Lemann v. Mutual Life Ins. Co. of NY

523 So. 2d 948, 1988 WL 32577
CourtLouisiana Court of Appeal
DecidedApril 12, 1988
DocketCA 8804
StatusPublished
Cited by2 cases

This text of 523 So. 2d 948 (Lemann v. Mutual Life Ins. Co. of NY) is published on Counsel Stack Legal Research, covering Louisiana Court of Appeal primary law. Counsel Stack provides free access to over 12 million legal documents including statutes, case law, regulations, and constitutions.

Bluebook
Lemann v. Mutual Life Ins. Co. of NY, 523 So. 2d 948, 1988 WL 32577 (La. Ct. App. 1988).

Opinion

523 So.2d 948 (1988)

Thomas B. LEMANN
v.
The MUTUAL LIFE INSURANCE COMPANY OF NEW YORK.

No. CA 8804.

Court of Appeal of Louisiana, Fourth Circuit.

April 12, 1988.
Rehearing Denied May 11, 1988.

*949 Benj. R. Slater, Jr., Mark E. Van Horn, Monroe & Lemann, New Orleans, for plaintiff-appellant.

Raymond J. Salassi, Jr., Thomas K. Potter, III, Jones, Walker, Waechter, Poitevent, Carrere & Denegre, New Orleans, for defendant-appellee.
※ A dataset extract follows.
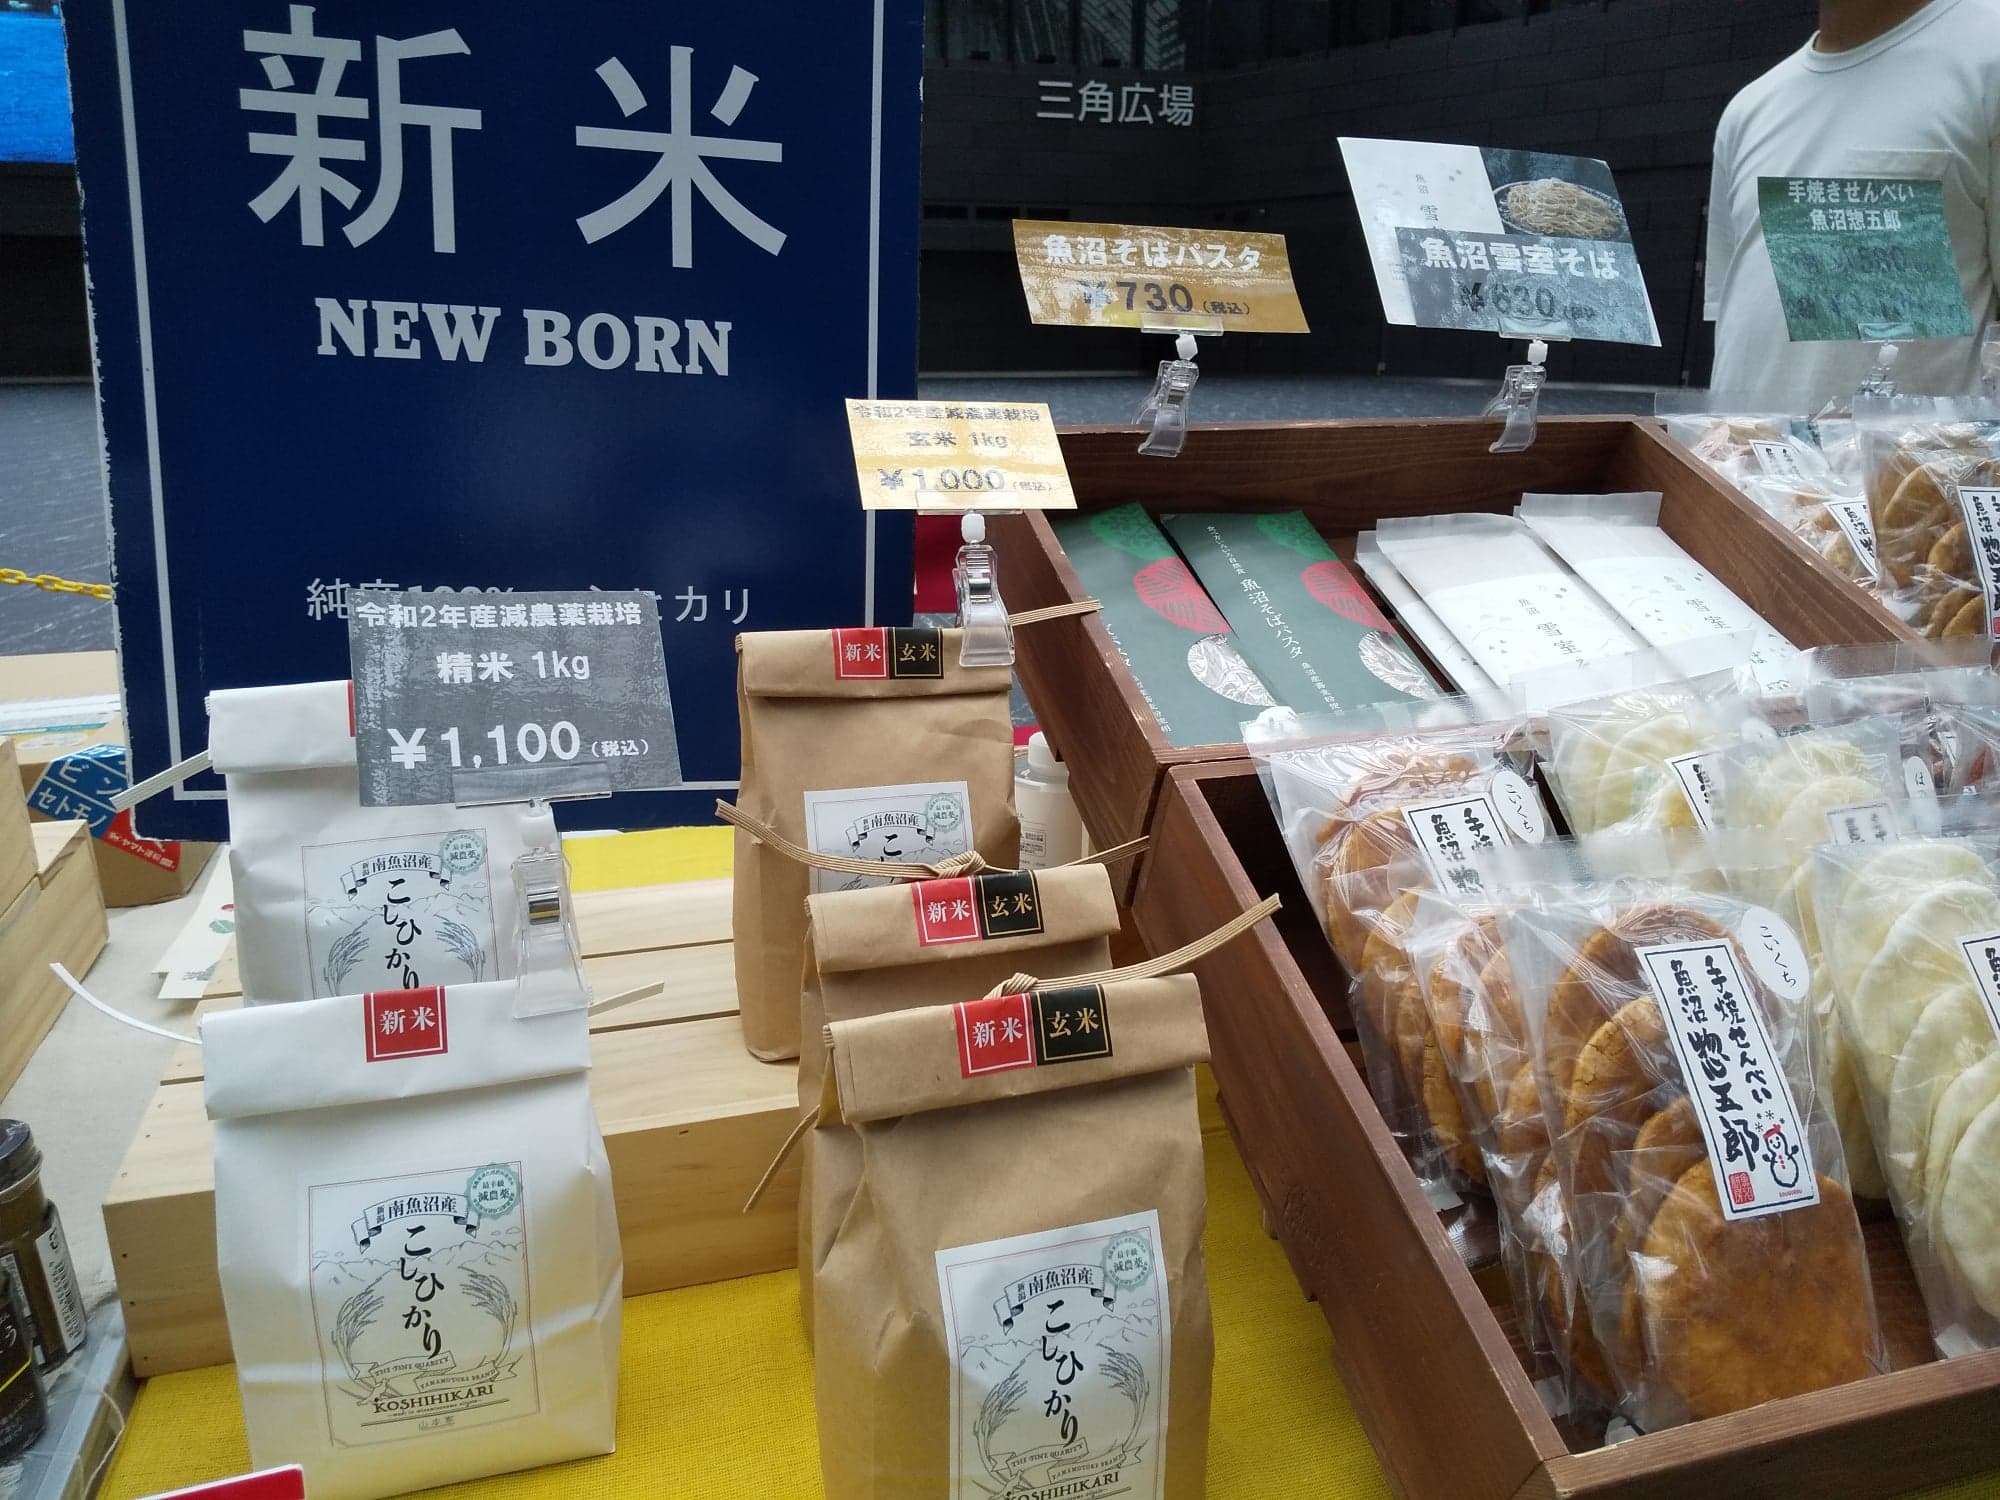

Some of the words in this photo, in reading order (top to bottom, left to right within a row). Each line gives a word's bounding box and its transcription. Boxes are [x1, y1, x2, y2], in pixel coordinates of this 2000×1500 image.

Before BARRY, KLEES and PLOTKIN, JJ.

PLOTKIN, Judge.

The issue presented in this case is whether a group health care insurer can require the insured to disclose a medical diagnosis as a precondition to payment of insurance benefits.

Plaintiff, Thomas B. Lemann, insured through his employer, instituted this action against defendant, Mutual Life Insurance Company of New York, (MONY), to recover medical benefits under an insurance policy issued by the insurer and damages for breach of contract. The company defended on the ground that the claim was premature because the insured had not provided "due proof" of his expenses in the form of medical diagnoses; the plaintiff argued due proof was not defined in the policy and thus a diagnosis was not mandated by the contract as the only form of due proof. The trial court denied the plaintiff's motion for a summary judgment; the defendant's exceptions of prematurity and want of amicable demand and his motion for summary judgment were granted August 19, 1987. Plaintiff appeals.

The facts are undisputed. Plaintiff, insured by MONY policy G-21064, filed a claim for reimbursement of medical expenses covered up to 80% by his insurance policy. In July of 1984 Lemann submitted *950 to MONY medical bills and invoices and requested reimbursement but refused to complete the diagnosis section of the form. MONY paid part of the claim and refused to process the remainder until diagnoses were supplied.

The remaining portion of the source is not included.